“State the conditions, therefore, to your nephew, as if they were your own. Let him think they have been suggested to your mind by the new responsibilities imposed on you as a man of property, by your position in my will, and by your consequent anxiety to provide for the perpetuation of the family name. If these reasons are not sufficient to satisfy him, there can be no objection to your referring him, for any further explanations which he may desire, to his wedding-day.

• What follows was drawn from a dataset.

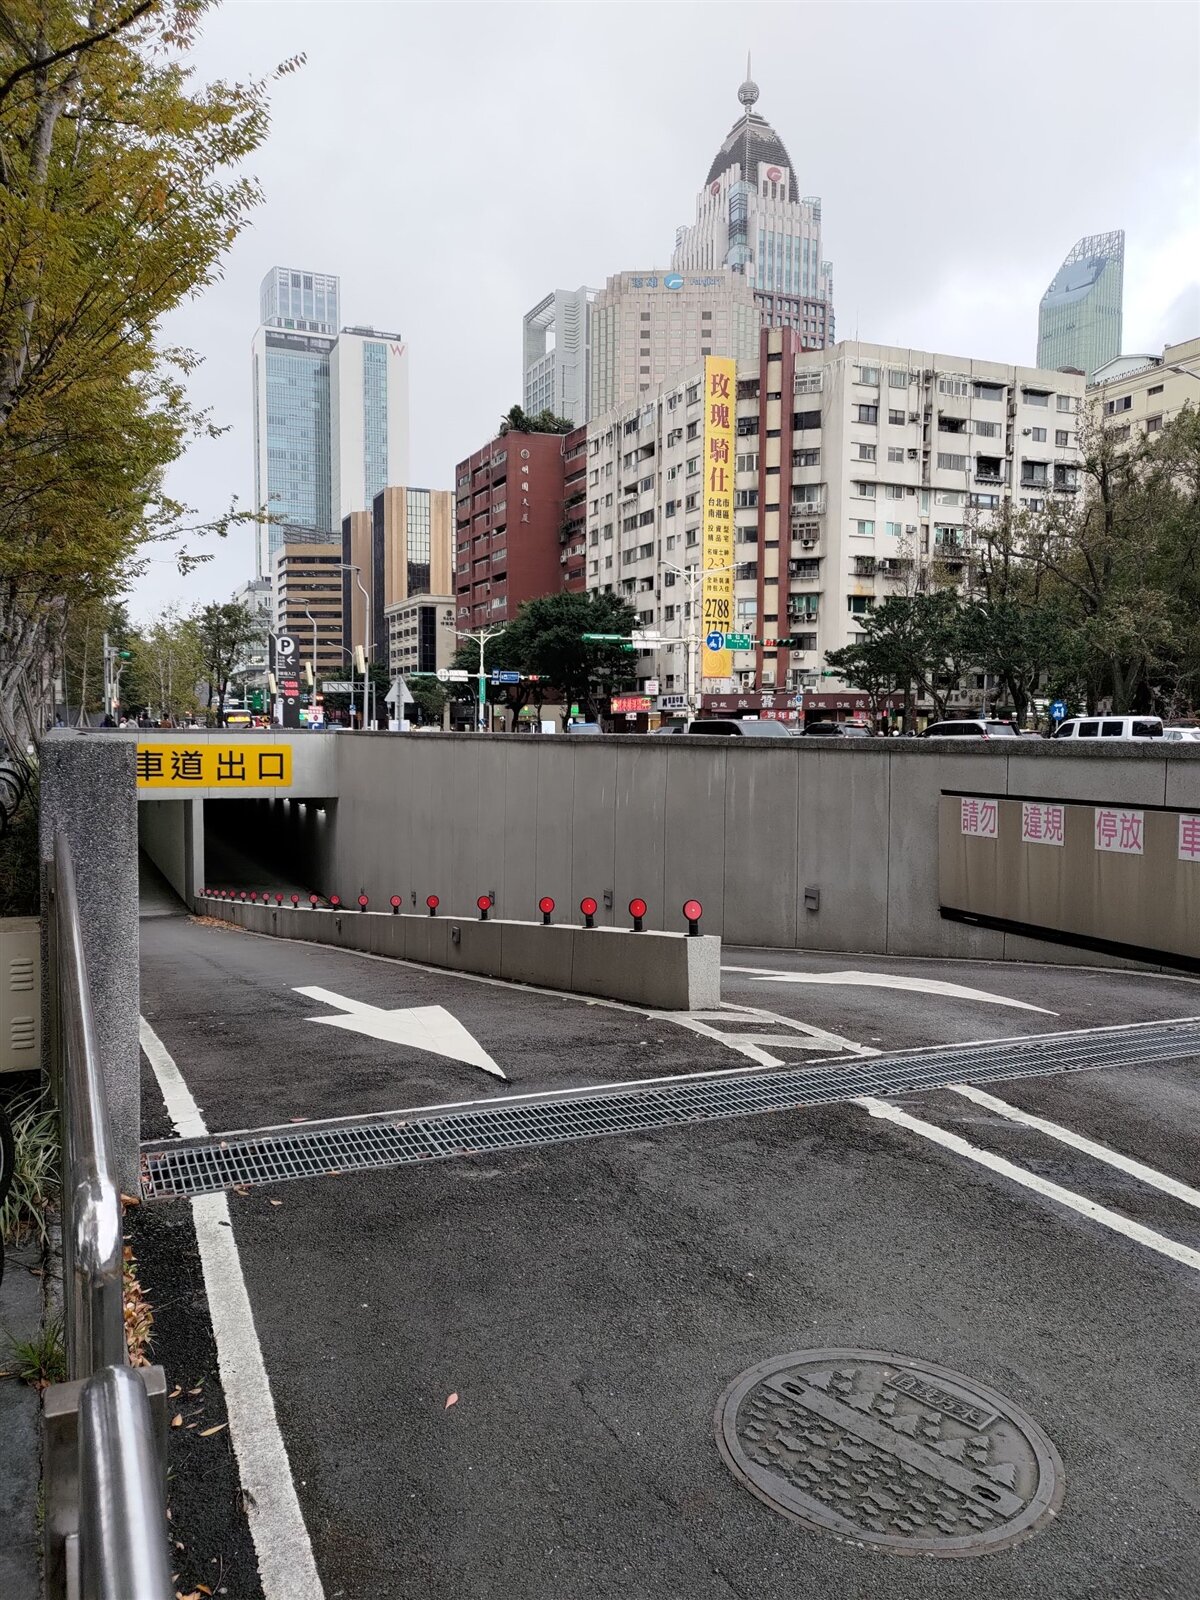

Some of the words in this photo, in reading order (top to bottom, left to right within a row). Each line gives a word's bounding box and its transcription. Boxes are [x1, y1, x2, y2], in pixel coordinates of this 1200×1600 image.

“I have done. My last wishes are now confided to you, in implicit reliance on your honor, and on your tender regard for the memory of your friend. Of the miserable circumstances which compel me to write as I have written here, I say nothing. You will hear of them, if my life is spared, from my own lips—for you will be the first friend whom I shall consult in my difficulty and distress. Keep this letter strictly secret, and strictly in your own possession, until my requests are complied with. Let no human being but yourself know where it is, on any pretense whatever.
“Believe me, dear Admiral Bartram, affectionately yours,
“NOEL VANSTONE.”
“Have you signed, sir?” asked Mrs. Lecount. “Let me look the letter over, if you please, before we seal it up.”
She read the letter carefully. In Noel Vanstone’s close, cramped handwriting, it filled two pages of letter-paper, and ended at the top of the third page. Instead of using an envelope, Mrs. Lecount folded it, neatly and securely, in the old-fashioned way. She lit the taper in the ink-stand, and returned the letter to the writer.
“Seal it, Mr. Noel,” she said, “with your own hand, and your own seal.” She extinguished the taper, and handed him the pen again. “Address the letter, sir,” she proceeded, “to Admiral Bartram, St. Crux-in-the-Marsh, Essex. Now, add these words, and sign them, above the address: To be kept in your own possession, and to be opened by yourself only, on the day of my death—or ‘Decease,’ if you prefer it—Noel Vanstone. Have you done? Let me look at it again. Quite right in every particular. Accept my congratulations, sir. If your wife has not plotted her last plot for the Combe-Raven money, it is not your fault, Mr. Noel—and not mine!”
Finding his attention released by the completion of the letter, Noel Vanstone reverted at once to purely personal considerations. “There is my packing-up to be thought of now,” he said. “I can’t go away without my warm things.”